Directions. Copy out the entries exactly, and wherever a picture appears, leave it out.

(Saved data entries)

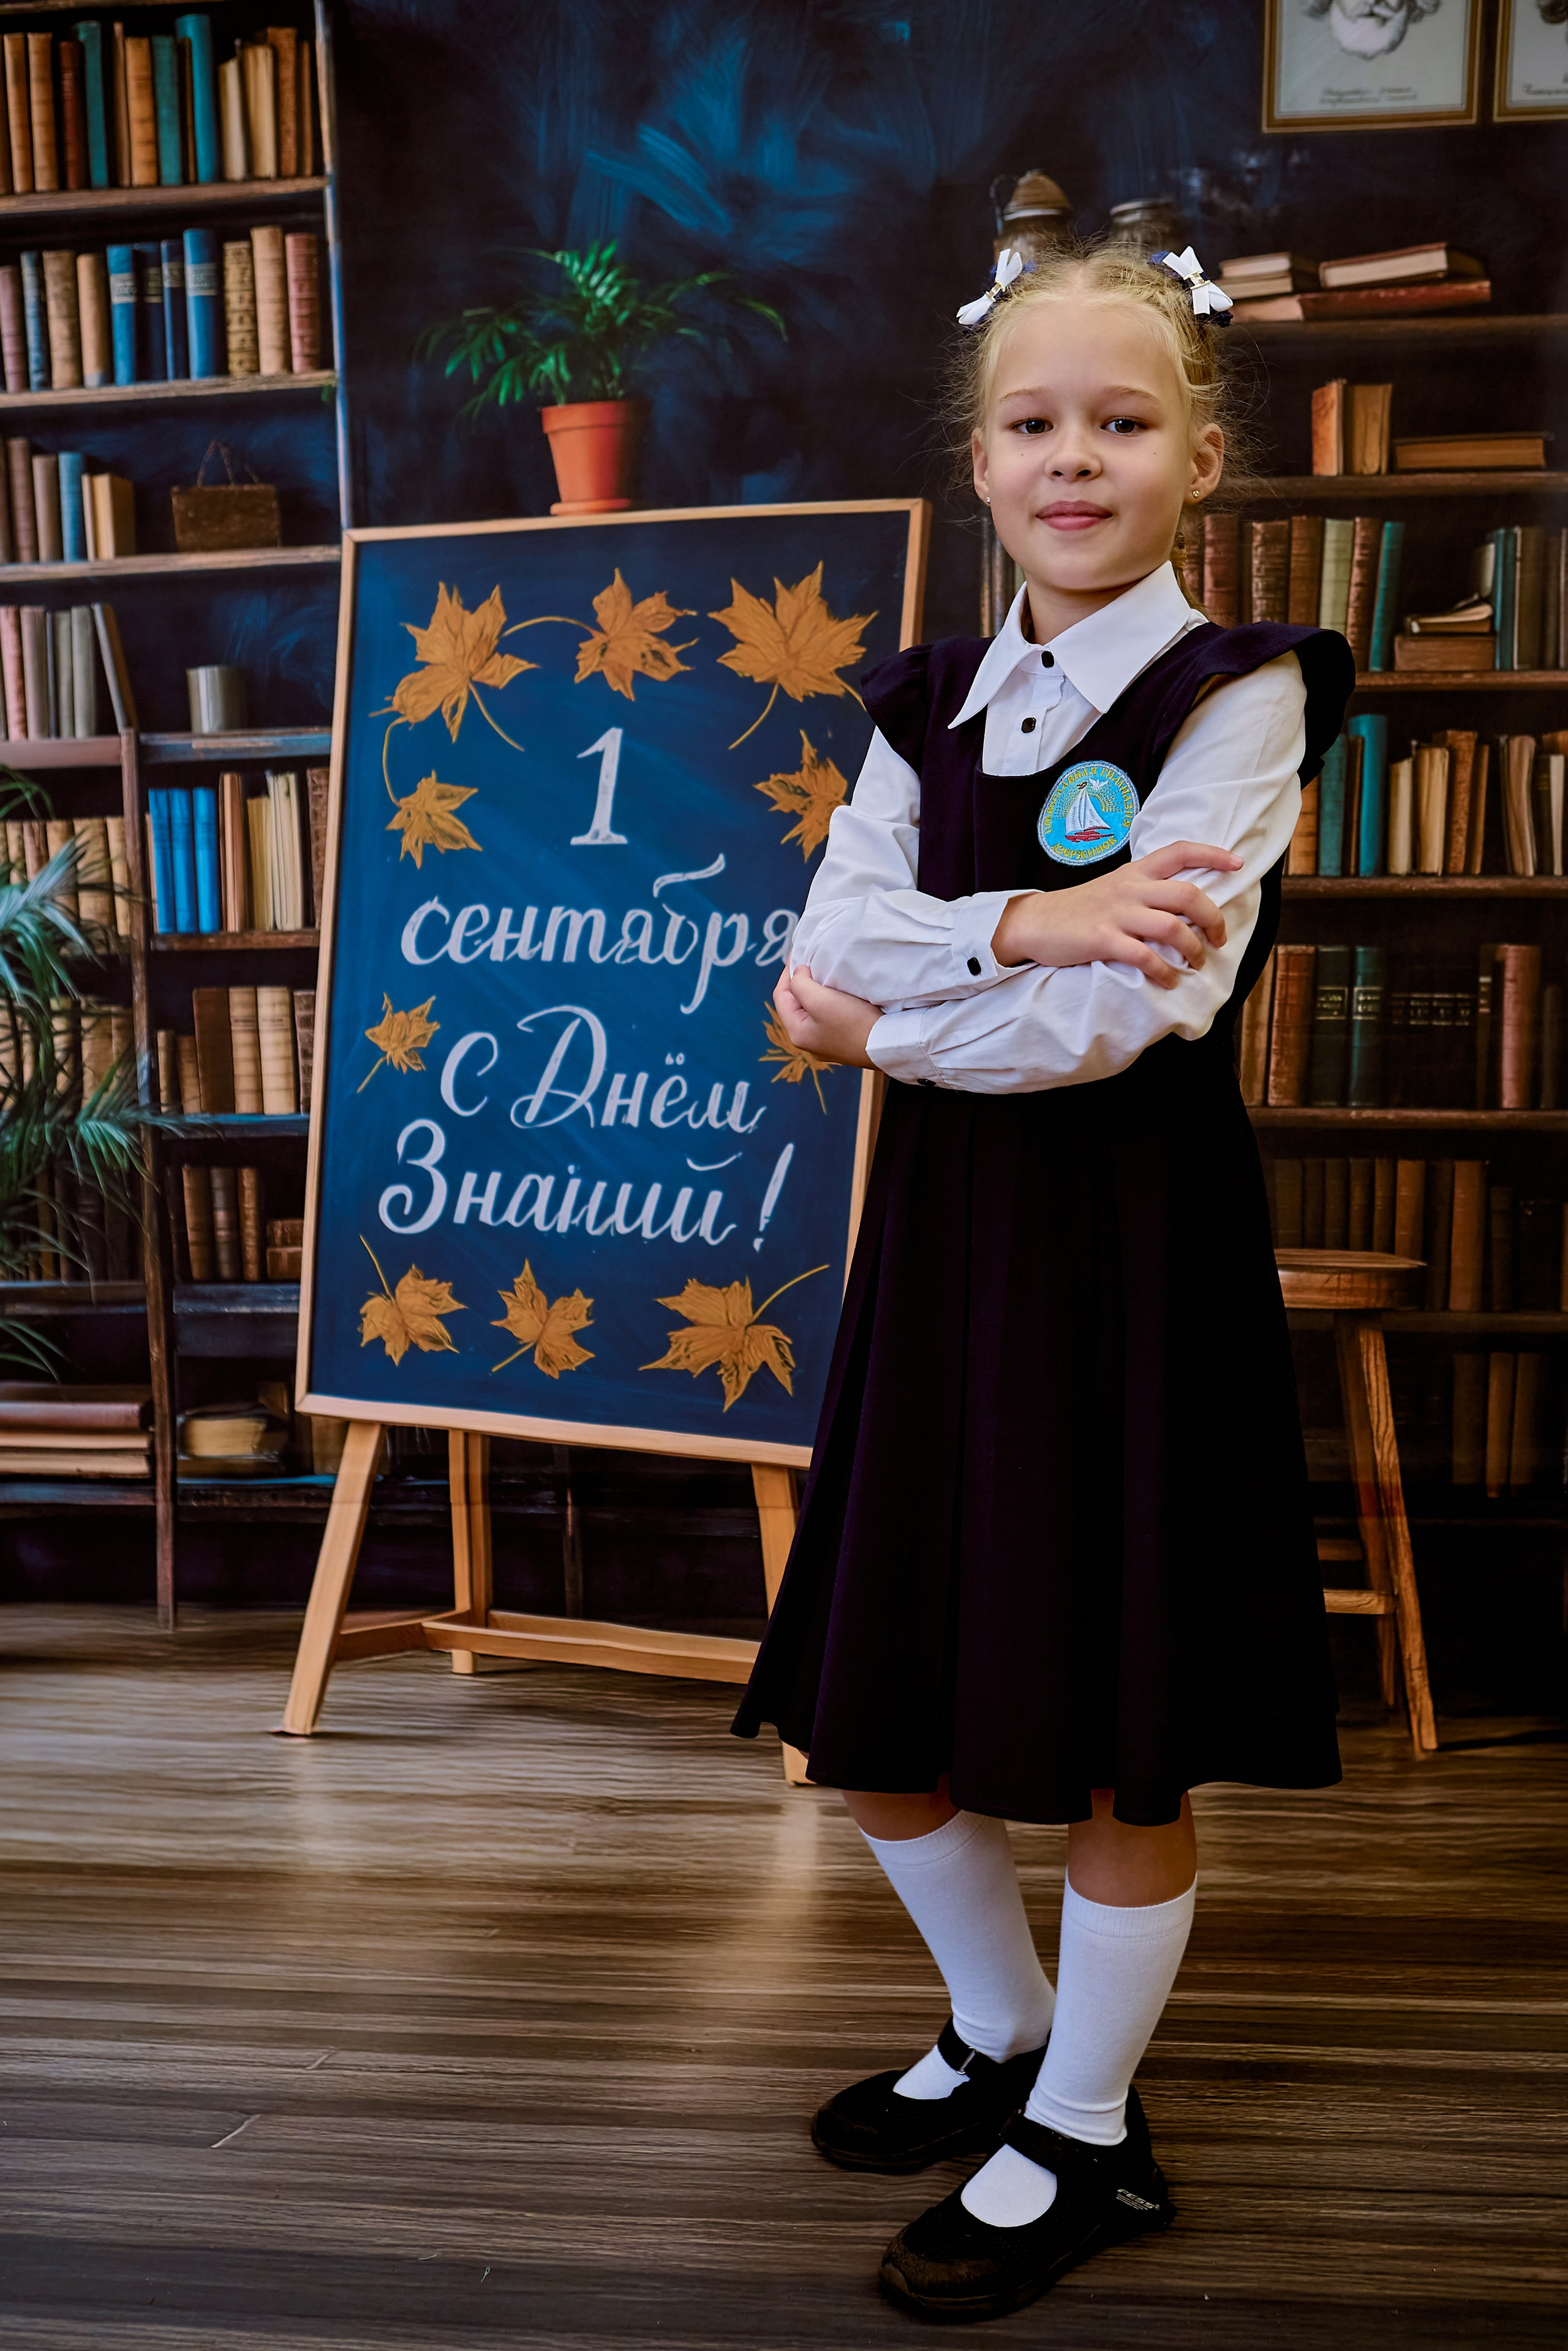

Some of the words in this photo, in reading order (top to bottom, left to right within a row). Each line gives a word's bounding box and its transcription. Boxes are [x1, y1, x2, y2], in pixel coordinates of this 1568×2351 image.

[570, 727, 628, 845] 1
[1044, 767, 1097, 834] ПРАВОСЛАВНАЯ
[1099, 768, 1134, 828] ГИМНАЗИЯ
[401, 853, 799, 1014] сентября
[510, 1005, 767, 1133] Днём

Solution to this exercise.
Some of the words in this photo, in reading order (top to bottom, left to right within a row). Each line gives a word's bounding box and its transcription. Boxes are [x1, y1, x2, y2], in pixel coordinates of this 1568×2351 image.

[570, 727, 628, 845] 1
[1044, 767, 1097, 834] ПРАВОСЛАВНАЯ
[1099, 768, 1134, 828] ГИМНАЗИЯ
[401, 853, 799, 1014] сентября
[510, 1005, 767, 1133] Днём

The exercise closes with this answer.